**WORK ITEM**. Set down the records again, keeping each line exactly as it is.

Source data:
——

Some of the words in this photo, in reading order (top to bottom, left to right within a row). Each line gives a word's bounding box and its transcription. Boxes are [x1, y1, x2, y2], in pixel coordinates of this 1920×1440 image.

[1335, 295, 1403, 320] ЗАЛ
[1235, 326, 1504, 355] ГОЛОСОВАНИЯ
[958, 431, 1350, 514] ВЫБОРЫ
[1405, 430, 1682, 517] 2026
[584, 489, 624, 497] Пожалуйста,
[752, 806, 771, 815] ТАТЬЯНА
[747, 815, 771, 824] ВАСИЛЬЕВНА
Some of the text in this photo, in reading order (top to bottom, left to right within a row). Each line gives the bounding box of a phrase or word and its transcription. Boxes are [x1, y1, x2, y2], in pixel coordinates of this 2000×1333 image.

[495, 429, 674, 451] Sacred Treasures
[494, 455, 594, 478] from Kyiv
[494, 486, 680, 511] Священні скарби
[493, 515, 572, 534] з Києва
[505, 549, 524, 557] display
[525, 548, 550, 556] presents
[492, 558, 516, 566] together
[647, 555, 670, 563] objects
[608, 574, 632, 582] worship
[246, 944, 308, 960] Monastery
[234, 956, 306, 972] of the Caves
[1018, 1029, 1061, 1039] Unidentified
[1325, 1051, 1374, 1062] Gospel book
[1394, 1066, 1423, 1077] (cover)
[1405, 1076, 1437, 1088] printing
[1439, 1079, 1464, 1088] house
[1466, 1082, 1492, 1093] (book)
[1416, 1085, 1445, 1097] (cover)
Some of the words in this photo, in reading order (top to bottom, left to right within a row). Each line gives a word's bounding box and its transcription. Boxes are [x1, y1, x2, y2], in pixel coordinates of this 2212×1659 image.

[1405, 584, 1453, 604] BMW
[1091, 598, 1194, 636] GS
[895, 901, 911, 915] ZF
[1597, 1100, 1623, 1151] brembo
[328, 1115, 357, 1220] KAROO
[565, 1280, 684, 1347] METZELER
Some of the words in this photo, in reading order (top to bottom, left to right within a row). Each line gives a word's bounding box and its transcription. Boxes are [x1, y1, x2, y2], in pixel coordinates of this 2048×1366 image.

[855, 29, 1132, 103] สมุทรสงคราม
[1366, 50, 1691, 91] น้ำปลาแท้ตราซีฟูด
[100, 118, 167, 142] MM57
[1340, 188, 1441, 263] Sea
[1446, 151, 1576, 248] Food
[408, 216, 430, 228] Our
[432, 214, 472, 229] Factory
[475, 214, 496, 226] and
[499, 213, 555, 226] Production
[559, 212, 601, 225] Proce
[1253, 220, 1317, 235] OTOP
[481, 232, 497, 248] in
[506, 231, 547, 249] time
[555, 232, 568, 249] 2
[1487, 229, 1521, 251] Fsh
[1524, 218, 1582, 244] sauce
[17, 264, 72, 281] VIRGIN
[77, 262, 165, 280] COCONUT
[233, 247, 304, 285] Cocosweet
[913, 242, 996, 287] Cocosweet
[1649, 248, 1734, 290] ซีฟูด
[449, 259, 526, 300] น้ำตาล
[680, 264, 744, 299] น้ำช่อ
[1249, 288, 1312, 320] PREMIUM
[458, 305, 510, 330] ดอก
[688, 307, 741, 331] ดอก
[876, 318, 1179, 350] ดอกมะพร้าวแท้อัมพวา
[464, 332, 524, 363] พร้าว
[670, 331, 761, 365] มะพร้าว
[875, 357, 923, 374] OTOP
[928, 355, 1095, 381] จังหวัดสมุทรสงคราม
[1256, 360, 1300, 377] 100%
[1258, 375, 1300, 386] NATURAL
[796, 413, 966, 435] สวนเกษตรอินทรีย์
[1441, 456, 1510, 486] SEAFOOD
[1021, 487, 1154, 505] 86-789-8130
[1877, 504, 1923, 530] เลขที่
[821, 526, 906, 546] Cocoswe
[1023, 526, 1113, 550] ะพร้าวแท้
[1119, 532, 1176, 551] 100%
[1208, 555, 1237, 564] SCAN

——

**YOUR SOLUTION**.
Some of the words in this photo, in reading order (top to bottom, left to right within a row). Each line gives a word's bounding box and its transcription. Boxes are [x1, y1, x2, y2], in pixel coordinates of this 1920×1440 image.

[1335, 295, 1403, 320] ЗАЛ
[1235, 326, 1504, 355] ГОЛОСОВАНИЯ
[958, 431, 1350, 514] ВЫБОРЫ
[1405, 430, 1682, 517] 2026
[584, 489, 624, 497] Пожалуйста,
[752, 806, 771, 815] ТАТЬЯНА
[747, 815, 771, 824] ВАСИЛЬЕВНА
Some of the text in this photo, in reading order (top to bottom, left to right within a row). Each line gives the bounding box of a phrase or word and its transcription. Boxes are [x1, y1, x2, y2], in pixel coordinates of this 2000×1333 image.

[495, 429, 674, 451] Sacred Treasures
[494, 455, 594, 478] from Kyiv
[494, 486, 680, 511] Священні скарби
[493, 515, 572, 534] з Києва
[505, 549, 524, 557] display
[525, 548, 550, 556] presents
[492, 558, 516, 566] together
[647, 555, 670, 563] objects
[608, 574, 632, 582] worship
[246, 944, 308, 960] Monastery
[234, 956, 306, 972] of the Caves
[1018, 1029, 1061, 1039] Unidentified
[1325, 1051, 1374, 1062] Gospel book
[1394, 1066, 1423, 1077] (cover)
[1405, 1076, 1437, 1088] printing
[1439, 1079, 1464, 1088] house
[1466, 1082, 1492, 1093] (book)
[1416, 1085, 1445, 1097] (cover)
Some of the words in this photo, in reading order (top to bottom, left to right within a row). Each line gives a word's bounding box and its transcription. Boxes are [x1, y1, x2, y2], in pixel coordinates of this 2212×1659 image.

[1405, 584, 1453, 604] BMW
[1091, 598, 1194, 636] GS
[895, 901, 911, 915] ZF
[1597, 1100, 1623, 1151] brembo
[328, 1115, 357, 1220] KAROO
[565, 1280, 684, 1347] METZELER
Some of the words in this photo, in reading order (top to bottom, left to right within a row). Each line gives a word's bounding box and its transcription. Boxes are [x1, y1, x2, y2], in pixel coordinates of this 2048×1366 image.

[855, 29, 1132, 103] สมุทรสงคราม
[1366, 50, 1691, 91] น้ำปลาแท้ตราซีฟูด
[100, 118, 167, 142] MM57
[1340, 188, 1441, 263] Sea
[1446, 151, 1576, 248] Food
[408, 216, 430, 228] Our
[432, 214, 472, 229] Factory
[475, 214, 496, 226] and
[499, 213, 555, 226] Production
[559, 212, 601, 225] Proce
[1253, 220, 1317, 235] OTOP
[481, 232, 497, 248] in
[506, 231, 547, 249] time
[555, 232, 568, 249] 2
[1487, 229, 1521, 251] Fsh
[1524, 218, 1582, 244] sauce
[17, 264, 72, 281] VIRGIN
[77, 262, 165, 280] COCONUT
[233, 247, 304, 285] Cocosweet
[913, 242, 996, 287] Cocosweet
[1649, 248, 1734, 290] ซีฟูด
[449, 259, 526, 300] น้ำตาล
[680, 264, 744, 299] น้ำช่อ
[1249, 288, 1312, 320] PREMIUM
[458, 305, 510, 330] ดอก
[688, 307, 741, 331] ดอก
[876, 318, 1179, 350] ดอกมะพร้าวแท้อัมพวา
[464, 332, 524, 363] พร้าว
[670, 331, 761, 365] มะพร้าว
[875, 357, 923, 374] OTOP
[928, 355, 1095, 381] จังหวัดสมุทรสงคราม
[1256, 360, 1300, 377] 100%
[1258, 375, 1300, 386] NATURAL
[796, 413, 966, 435] สวนเกษตรอินทรีย์
[1441, 456, 1510, 486] SEAFOOD
[1021, 487, 1154, 505] 86-789-8130
[1877, 504, 1923, 530] เลขที่
[821, 526, 906, 546] Cocoswe
[1023, 526, 1113, 550] ะพร้าวแท้
[1119, 532, 1176, 551] 100%
[1208, 555, 1237, 564] SCAN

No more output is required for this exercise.